Succinate as Donor; Fumarate as Acceptor.

Succinate and fumarate are four-carbon dicarboxylates that differ in the identity of their central bond (single or double). The oxidoreduction of these small molecules plays a central role in both aerobic and anaerobic respiration. During aerobic respiration, succinate is oxidized, donating two reducing equivalents, while in anaerobic respiration, fumarate is reduced, accepting two reducing equivalents. Two related integral membrane Complex II superfamily members catalyze these reactions, succinate:ubiquinone oxidoreductase (SQR) and fumarate:menaquinol oxidoreductase (QFR). The structure, function, and regulation of these integral-membrane enzymes are summarized here. The overall architecture of these Complex II enzymes has been found to consist of four subunits: two integral membrane subunits, and a soluble domain consisting of an iron-sulfur protein subunit, and a flavoprotein subunit.

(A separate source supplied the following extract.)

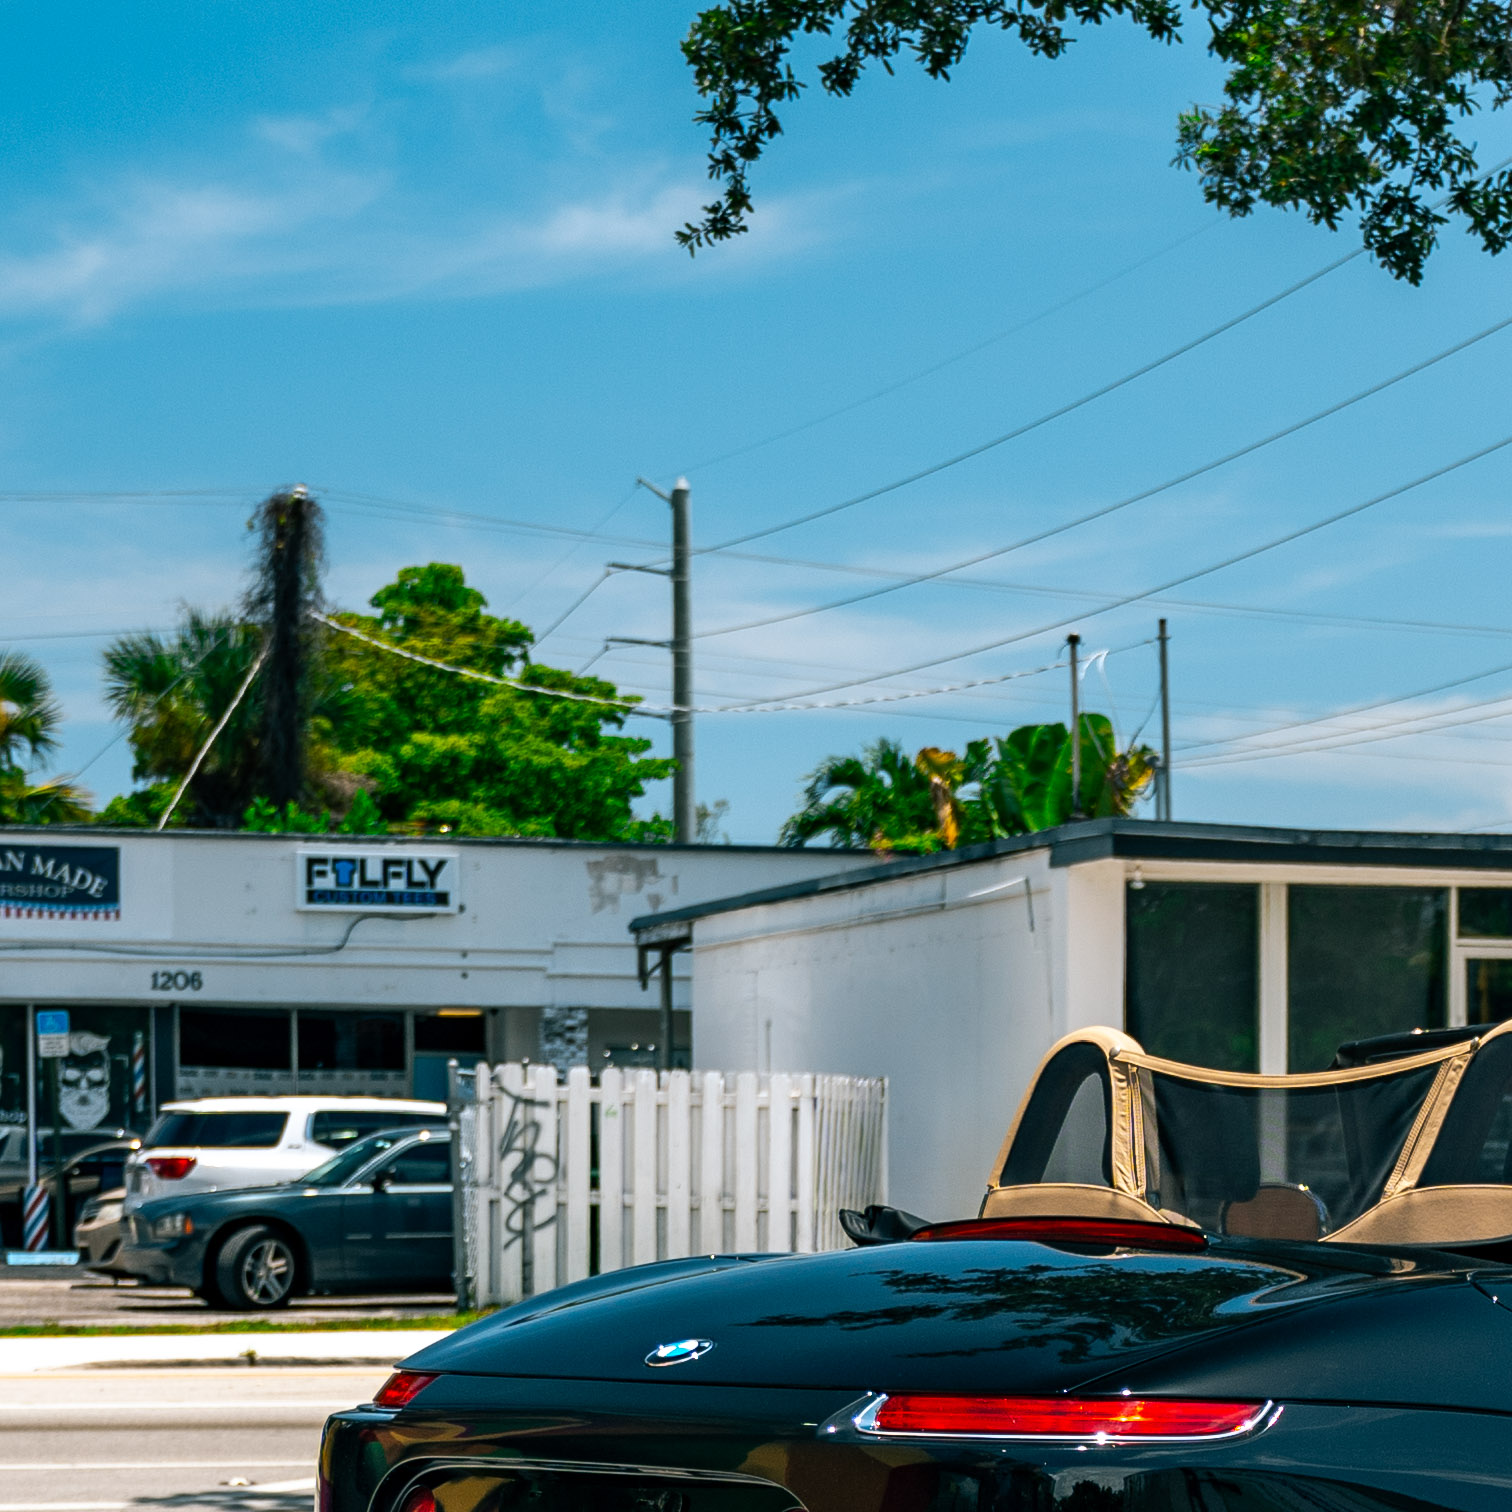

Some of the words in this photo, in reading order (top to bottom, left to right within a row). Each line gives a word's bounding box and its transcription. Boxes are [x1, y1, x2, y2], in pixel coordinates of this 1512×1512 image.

[31, 854, 109, 898] MADE
[312, 889, 387, 904] CUSTOM
[151, 971, 203, 991] 1206
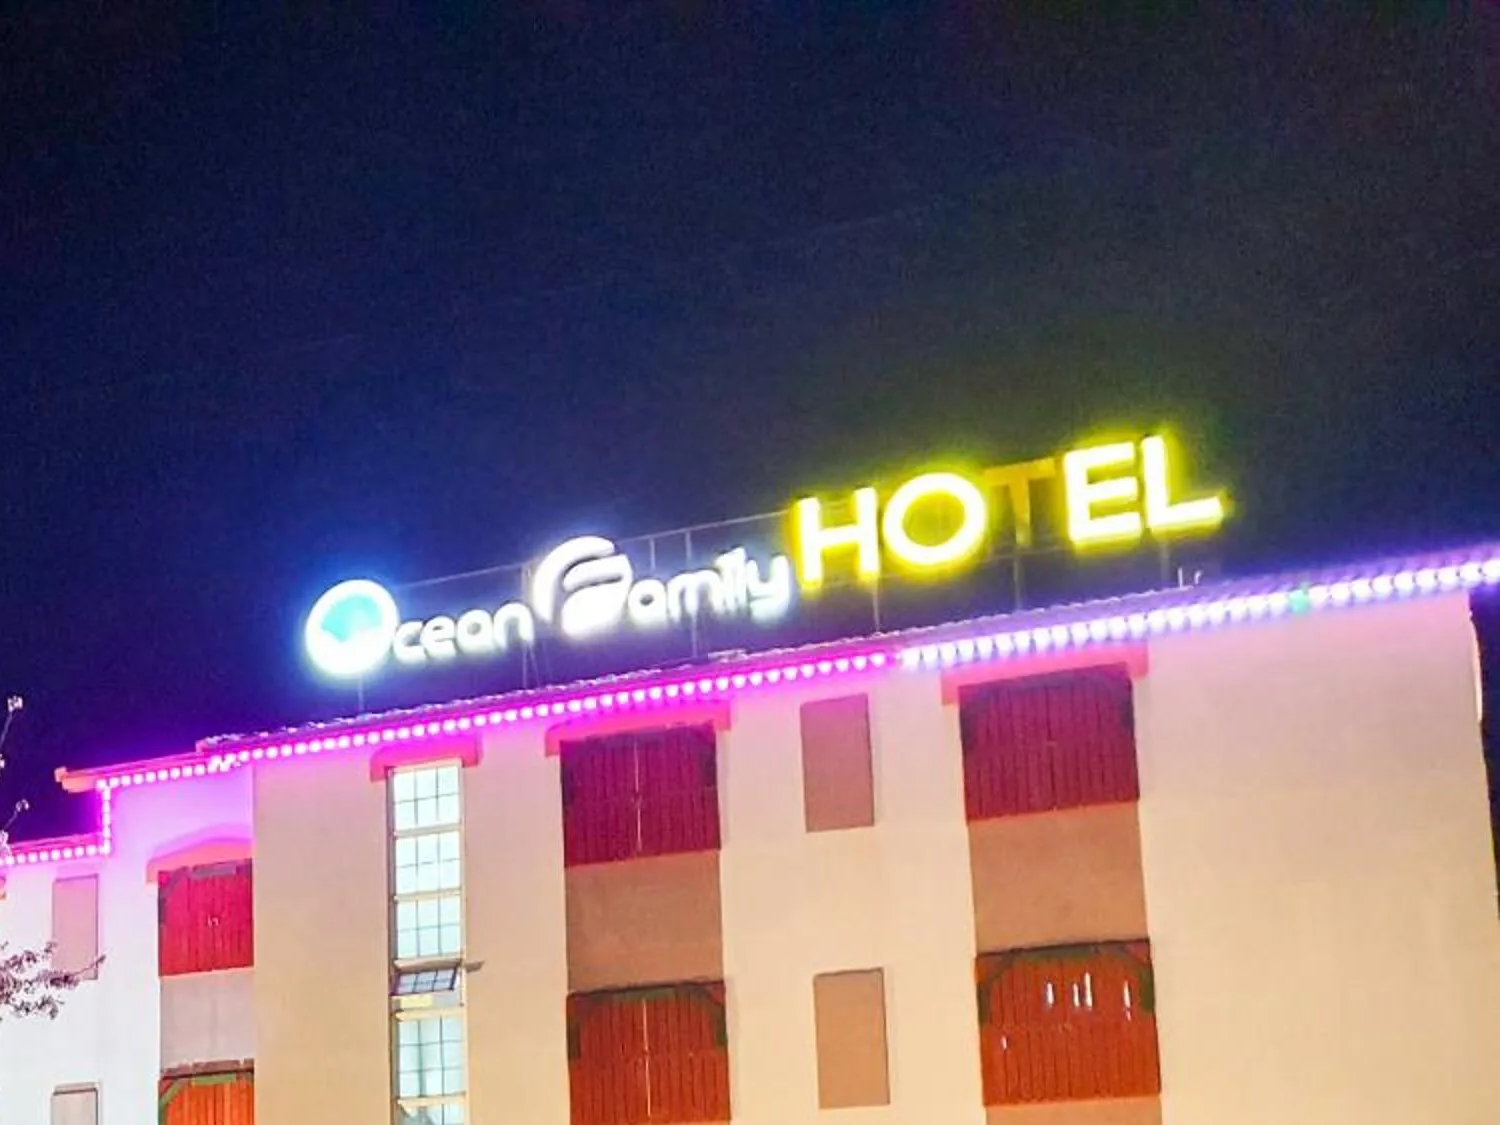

This architecture provides a scaffold that houses one active site in the membrane and another in the soluble milieu, making a linear electron transfer chain that facilities shuttling of reducing equivalents between the two active sites. A combination of kinetic measurements, mutagenesis, electron paramagnetic resonance spectroscopy, UV/Vis spectroscopy, and x-ray crystallography have suggested mechanisms for succinate:fumarate interconversion, electron transfer, and quinone:quinol interconversion. Of particular interest are the structural details that control directionality and make SQR and QFR primed for preferential catalysis each in different favored directions.